### Problem description
All records are to be restated word for word, with pictures excluded.

Images for object localization
▶

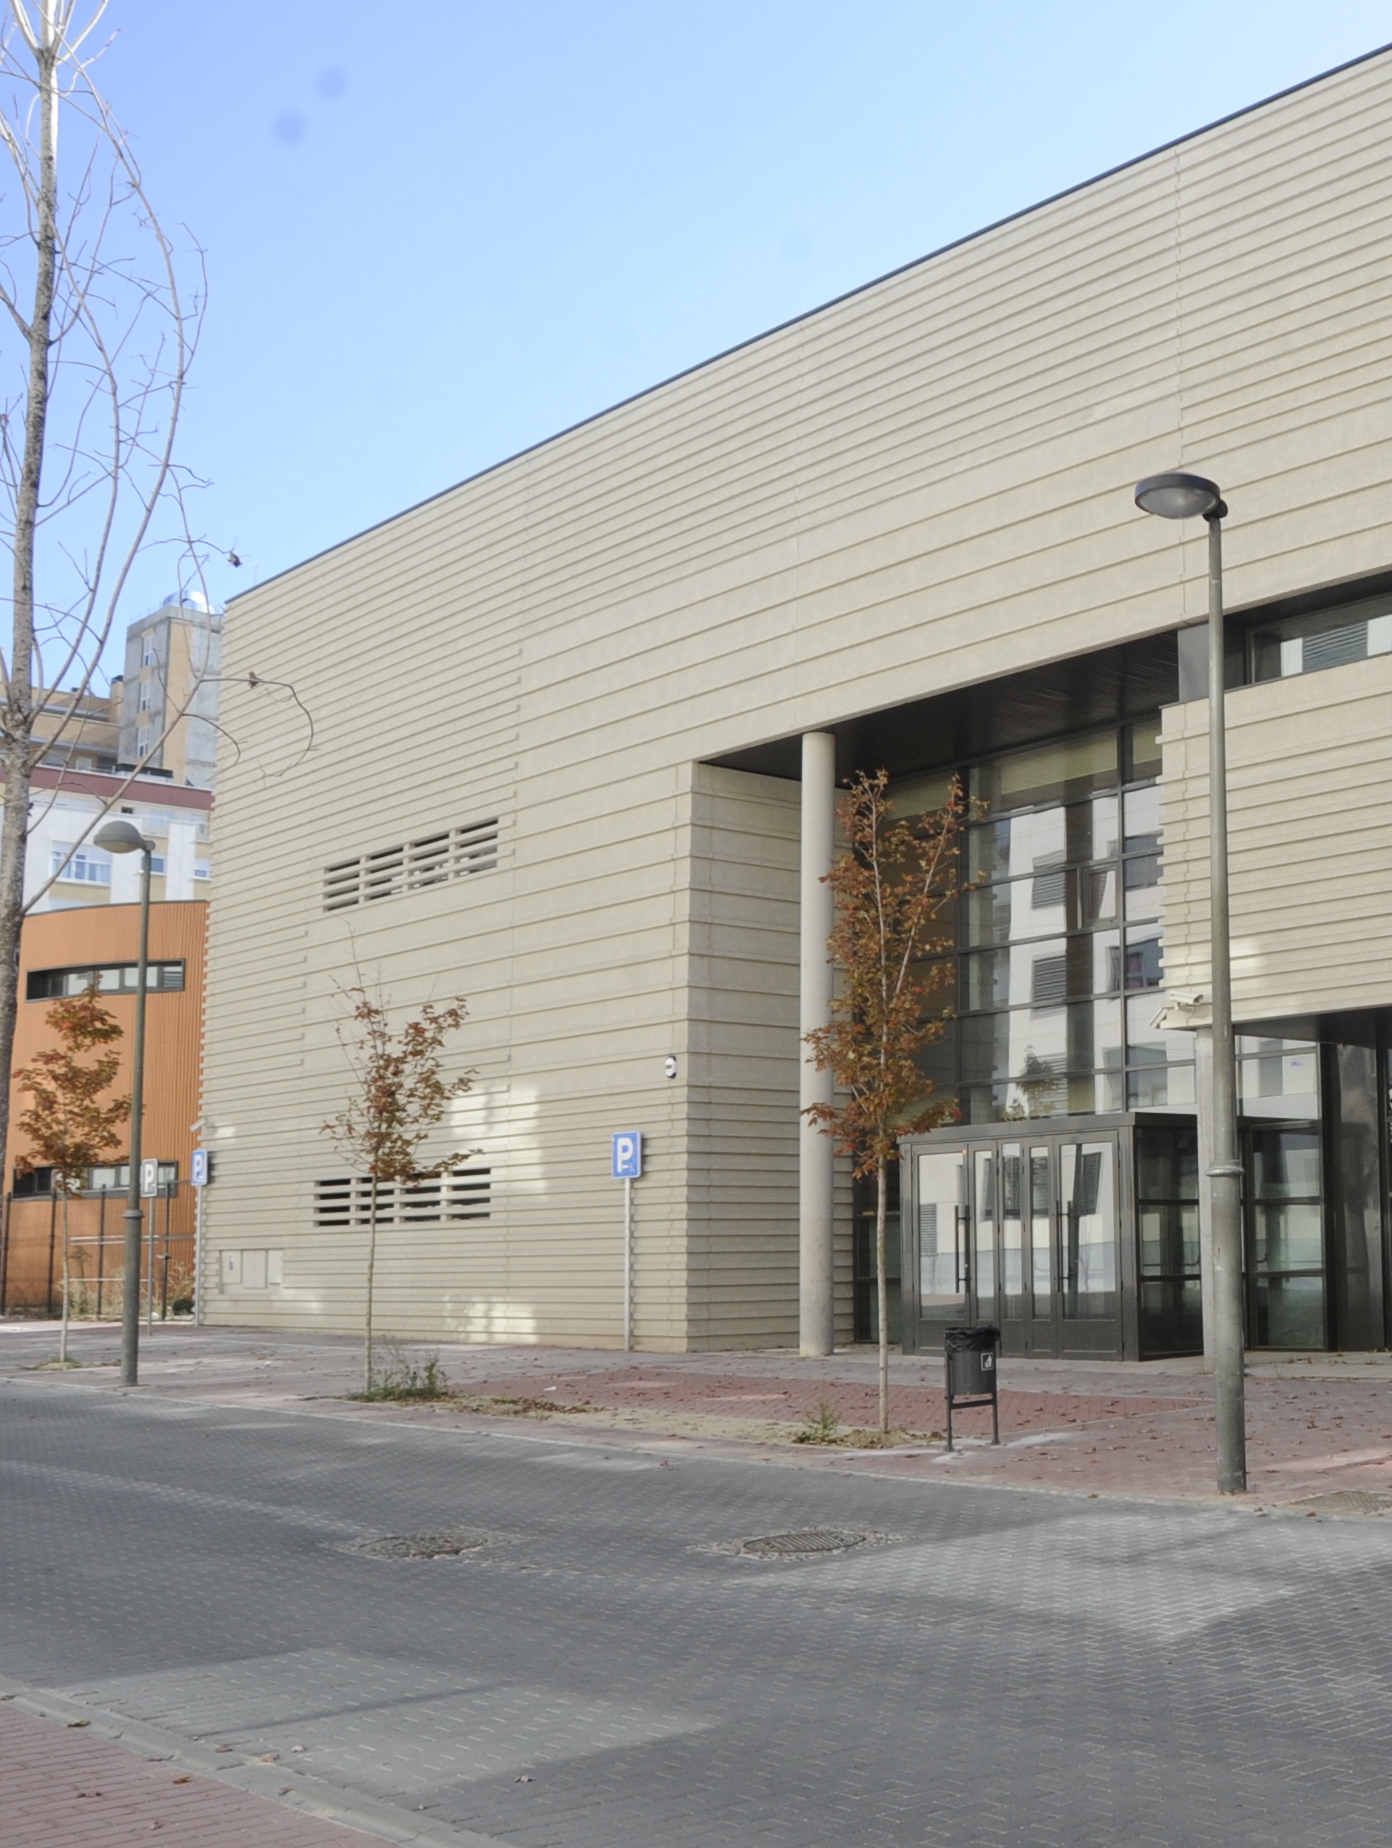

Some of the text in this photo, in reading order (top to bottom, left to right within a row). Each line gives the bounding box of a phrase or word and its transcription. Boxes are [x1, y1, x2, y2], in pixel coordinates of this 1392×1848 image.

[194, 1154, 204, 1181] P
[617, 1137, 634, 1173] P
[144, 1164, 155, 1193] P
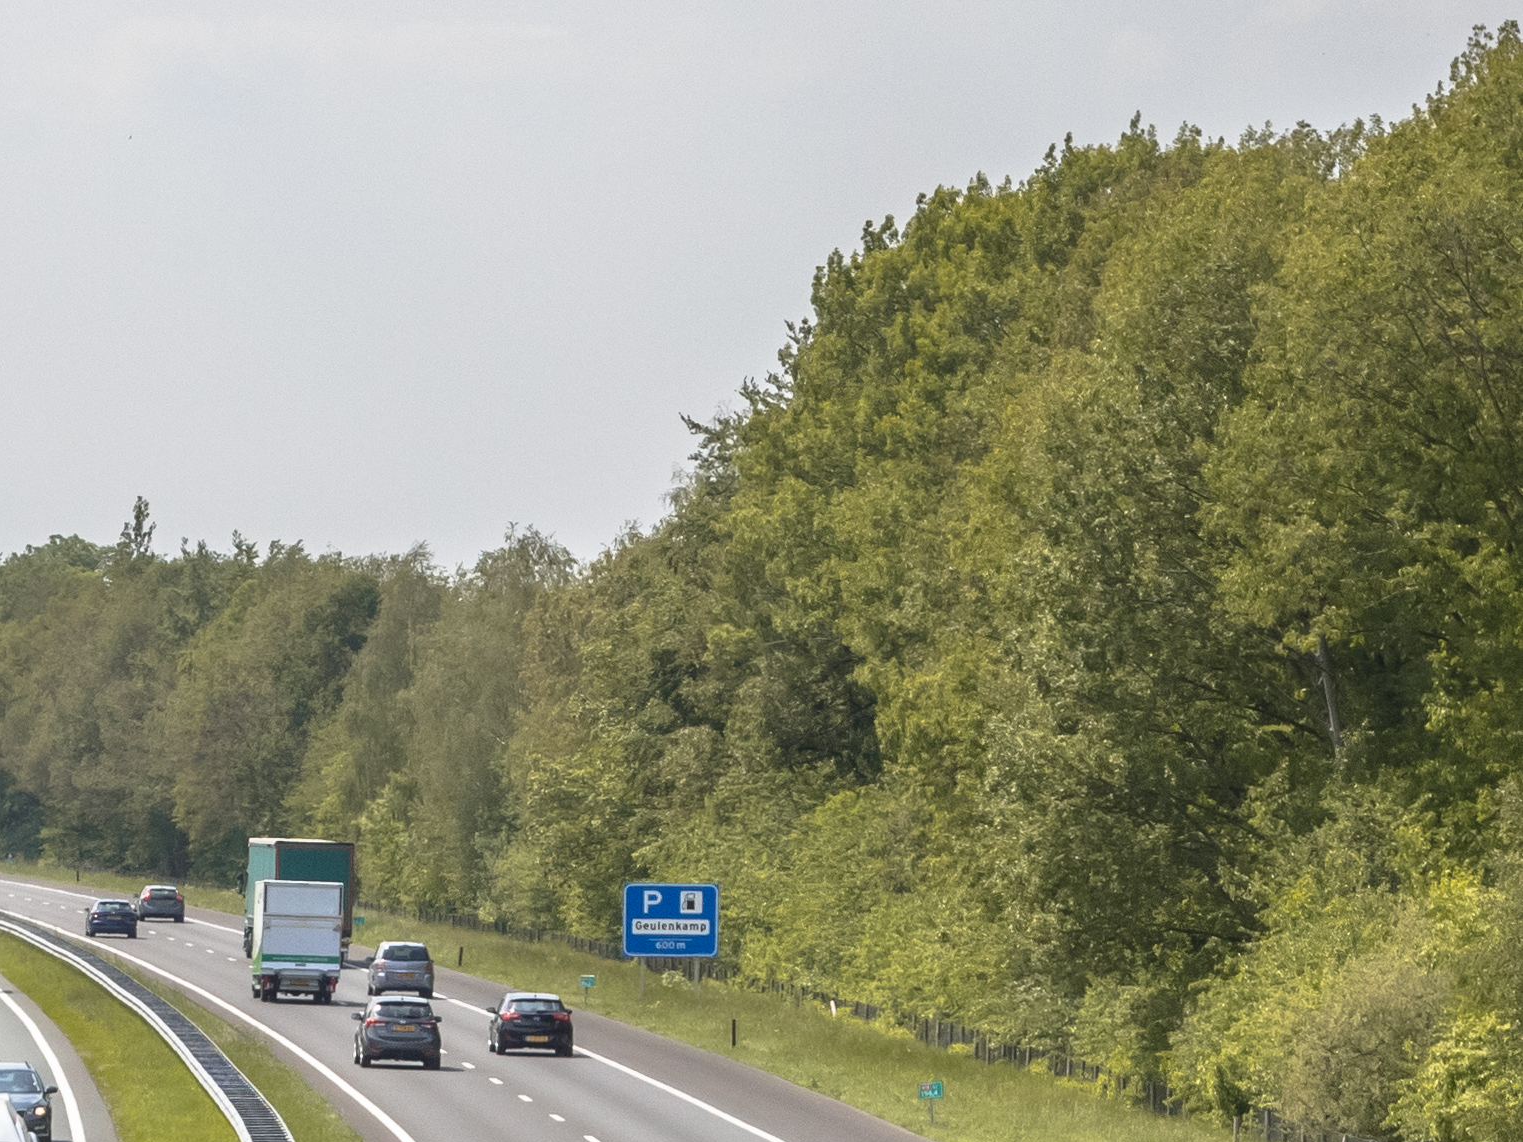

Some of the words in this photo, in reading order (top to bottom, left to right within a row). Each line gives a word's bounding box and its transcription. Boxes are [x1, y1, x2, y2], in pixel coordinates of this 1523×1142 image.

[643, 890, 663, 914] P
[635, 920, 707, 932] Geulenkamp
[655, 941, 675, 949] 600
[676, 941, 686, 949] m

◀

### Task solution
Some of the text in this photo, in reading order (top to bottom, left to right within a row). Each line gives the bounding box of a phrase or word and its transcription. Boxes are [x1, y1, x2, y2], in pixel coordinates of this 1392×1848 image.

[194, 1154, 204, 1181] P
[617, 1137, 634, 1173] P
[144, 1164, 155, 1193] P

Some of the words in this photo, in reading order (top to bottom, left to right within a row). Each line gives a word's bounding box and its transcription. Boxes are [x1, y1, x2, y2], in pixel coordinates of this 1523×1142 image.

[643, 890, 663, 914] P
[635, 920, 707, 932] Geulenkamp
[655, 941, 675, 949] 600
[676, 941, 686, 949] m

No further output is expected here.